Please set down each entry exactly, omitting any picture it holds.

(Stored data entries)

-*-*-

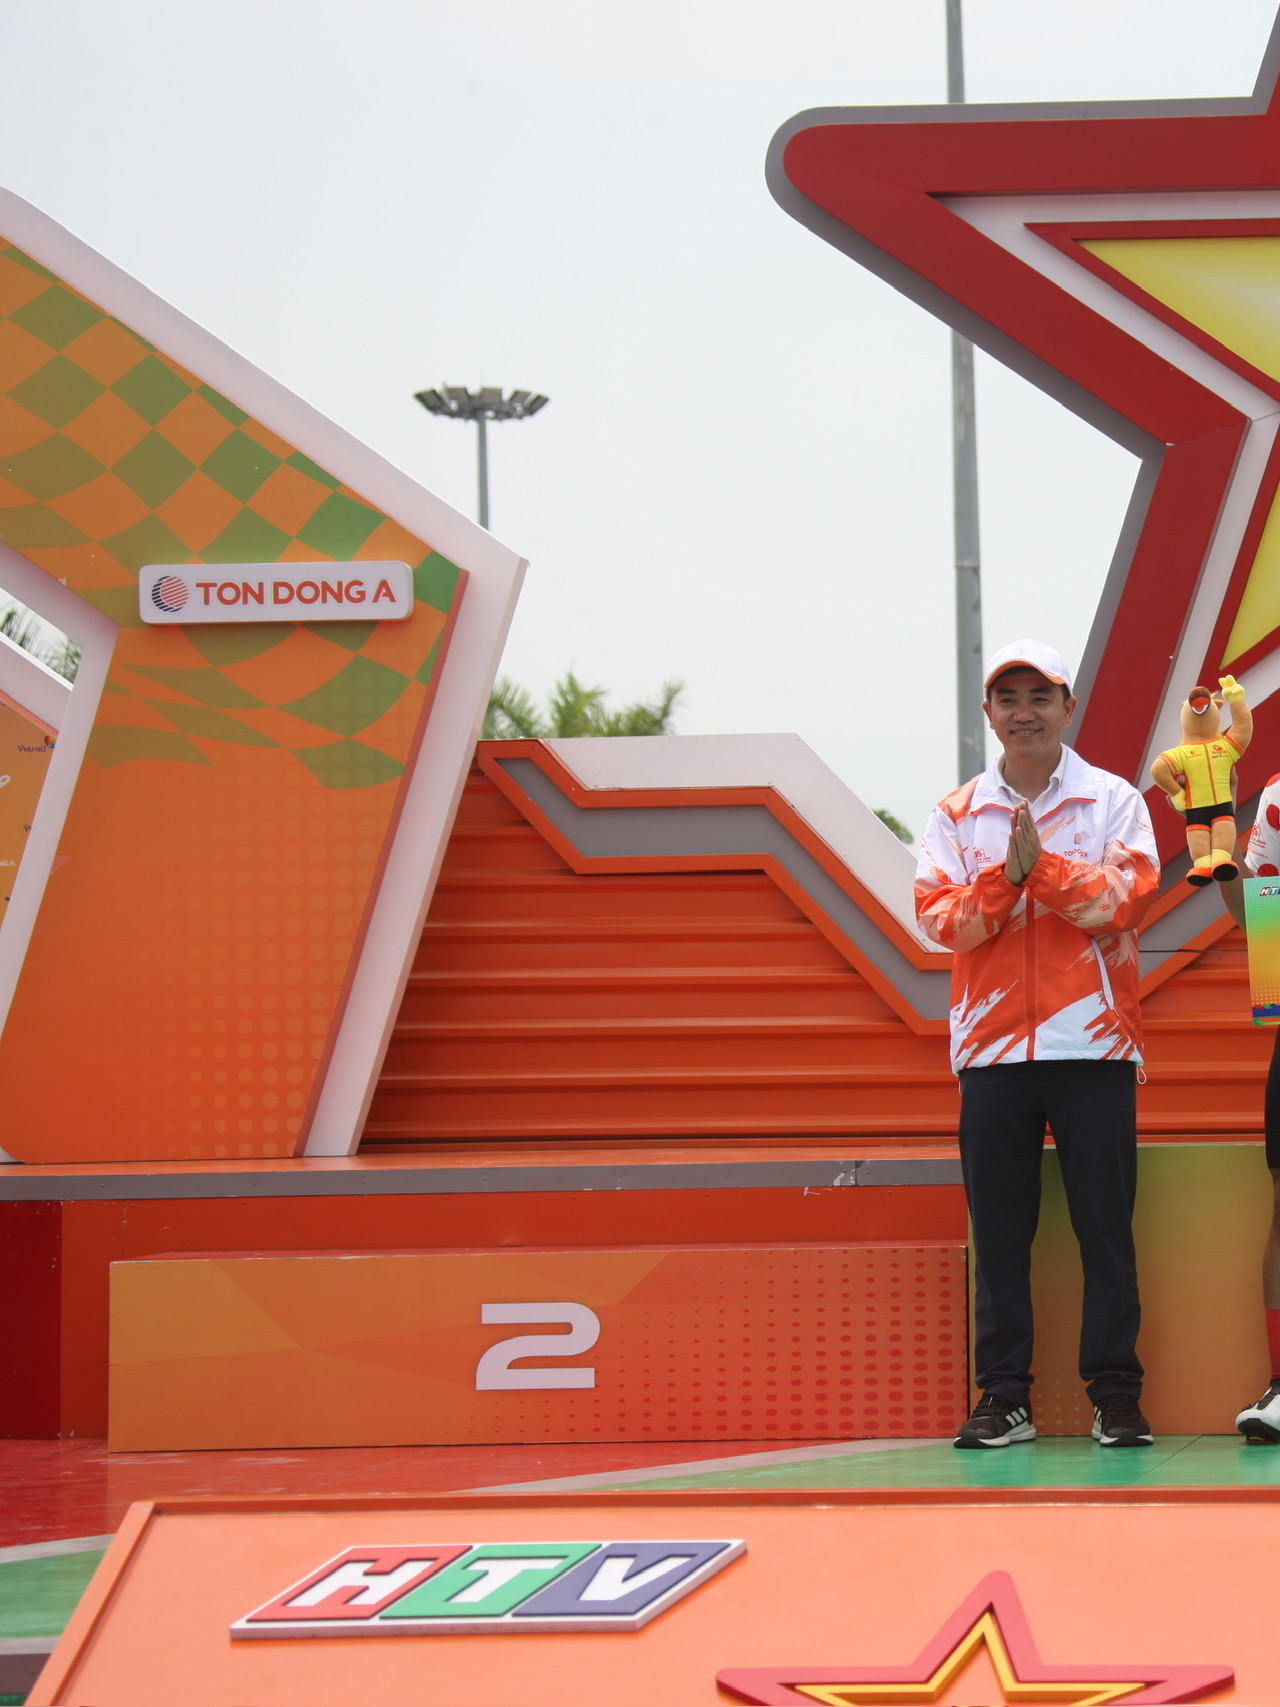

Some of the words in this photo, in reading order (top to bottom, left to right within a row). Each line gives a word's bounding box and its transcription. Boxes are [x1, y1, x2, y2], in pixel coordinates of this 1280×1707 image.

[195, 581, 264, 606] TON
[272, 579, 367, 605] DONG
[371, 578, 397, 604] A
[475, 1301, 600, 1390] 2
[279, 1553, 701, 1608] HTV

-*-*-

(EXERCISE RESPONSE)
Some of the words in this photo, in reading order (top to bottom, left to right within a row). Each line gives a word's bounding box and its transcription. Boxes are [x1, y1, x2, y2], in pixel coordinates of this 1280×1707 image.

[195, 581, 264, 606] TON
[272, 579, 367, 605] DONG
[371, 578, 397, 604] A
[475, 1301, 600, 1390] 2
[279, 1553, 701, 1608] HTV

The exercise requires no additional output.